National Water Quality Month: A Reminder to Enhance Water Safety and Sustainability Efforts

Aug 06, 2015 | Stella Bartholet

National Water Quality Month in August serves as an important reminder for local health departments to reflect on the safety of water in their communities. Although the United States has one of the most developed drinking water systems in the world, there are still many factors that threaten the quality and quantity of drinking water.

NACCHO recently released policy statements summarizing its positions on Water Quality and Sustainable Water Use. These documents are available for local health departments to learn about threats to water quality and actions to take to prevent the depletion of drinking water.

These policy statements indicate that one of the biggest threats to water quality and availability is the lack of funding and support for local health department water services. Water is arguably the most important resource to sustaining health and life, yet many health departments are reducing or eliminating water programs as a result of budget cuts. According to a survey NACCHO conducted in 2012, the percentage of public health directors who reported programmatic activity to protect the quality and quantity of fresh water decreased from 66.9% in 2008 to 46.4% in 2012.
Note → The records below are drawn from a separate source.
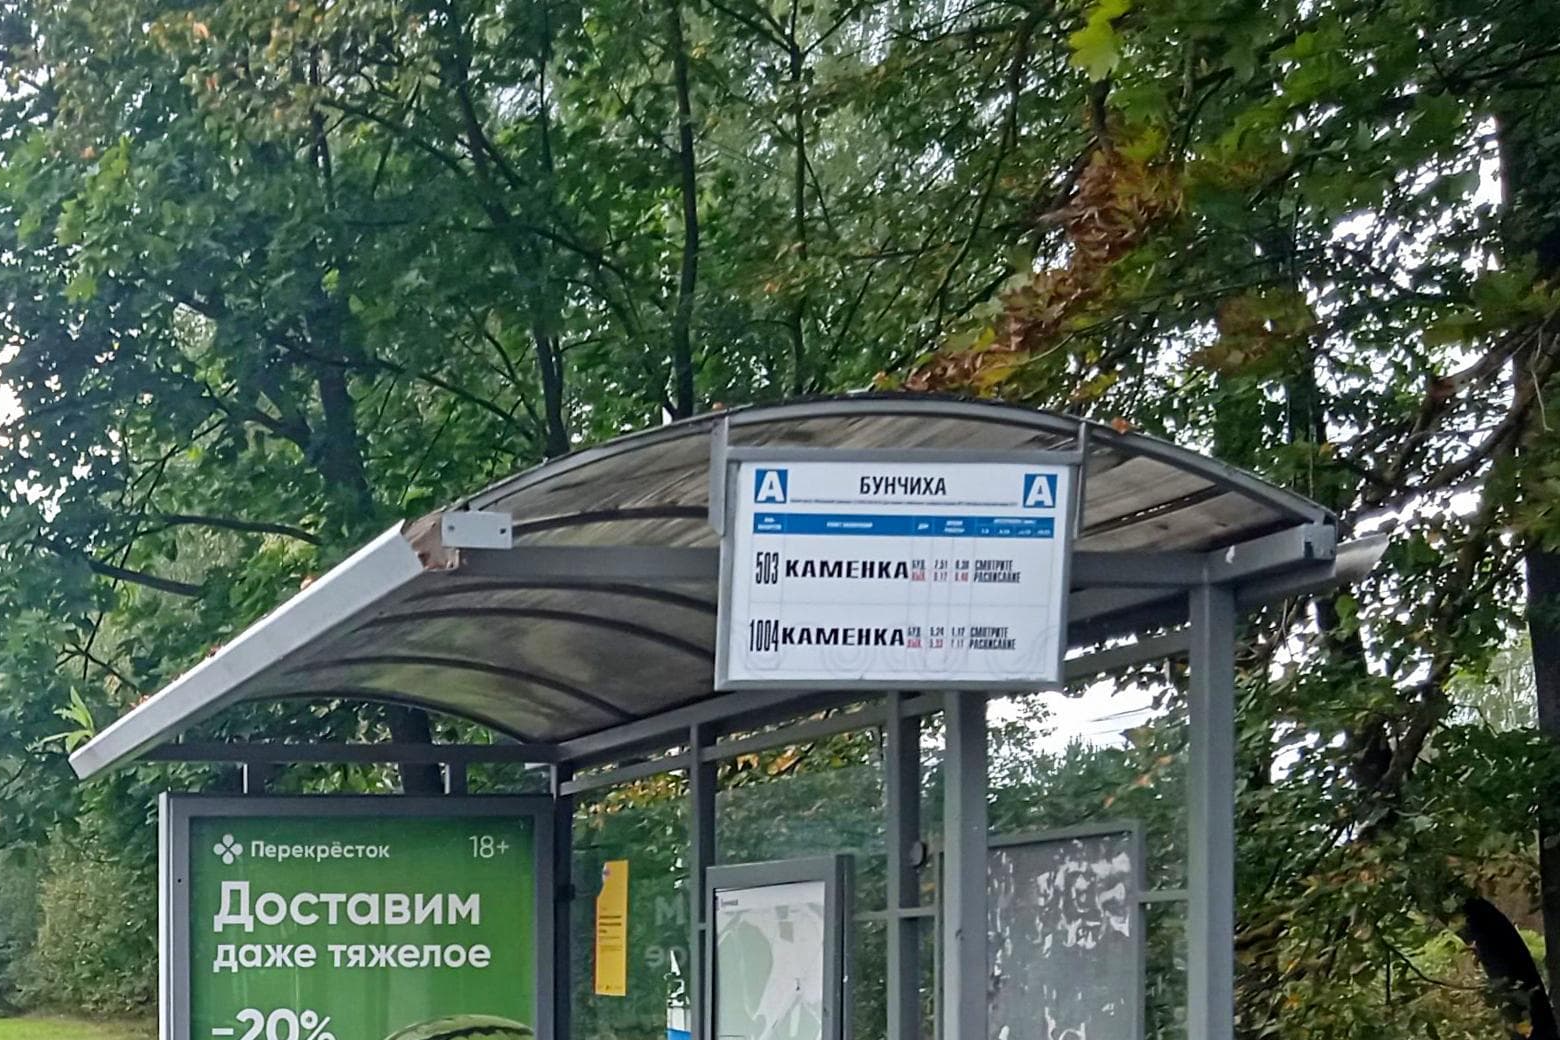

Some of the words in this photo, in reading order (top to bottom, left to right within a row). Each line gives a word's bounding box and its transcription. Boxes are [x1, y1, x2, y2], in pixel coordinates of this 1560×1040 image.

[859, 475, 947, 496] БУНЧИХА
[755, 552, 779, 584] 503
[785, 559, 909, 579] КАМЕНКА
[975, 560, 1013, 571] СМОТРИТЕ
[973, 571, 1020, 583] РАСПИСАНИЕ
[749, 619, 779, 652] 1004
[781, 626, 905, 646] КАМЕНКА
[970, 627, 1008, 638] СМОТРИТЕ
[968, 638, 1016, 651] РАСПИСАНИЕ
[251, 840, 390, 862] Перекрёсток
[468, 835, 510, 858] 18+
[213, 880, 481, 932] Доставим
[213, 944, 317, 973] даже
[328, 944, 491, 968] тяжелое
Meanwhile, human activities are polluting water sources. An emerging threat is the improper disposal of pharmaceuticals and personal care products.[1] Local health departments can protect their communities by educating residents, providing a means for the proper disposal of such products, and carefully monitoring drinking water to prevent the ingestion of contaminants.

Another source of water pollution is wastewater discharge from industrial practices, such as mining. The U.S. Environmental Protection Agency oversees this direct, point source pollution through the Clean Water Act.[2] Other organizations play a role in regulation through the National Pollutant Discharge Elimination System, which monitors industrial and commercial facilities at the state and local levels.[3] Health departments can encourage industrial sites to reduce pollutant discharge by strengthening monitoring and offering incentives.

Lastly, the agricultural industry is one of the leading contributors to both nonpoint source pollution and groundwater depletion. Improper farming techniques such as overgrazing, plowing practices, and pesticide usage can indirectly pollute water sources.[4] Irrigation can remove water from aquifers more quickly than it is replenished.[5] Local health departments can endorse research on efficient irrigation practices and work with agricultural partners to encourage the use of sustainable agricultural techniques.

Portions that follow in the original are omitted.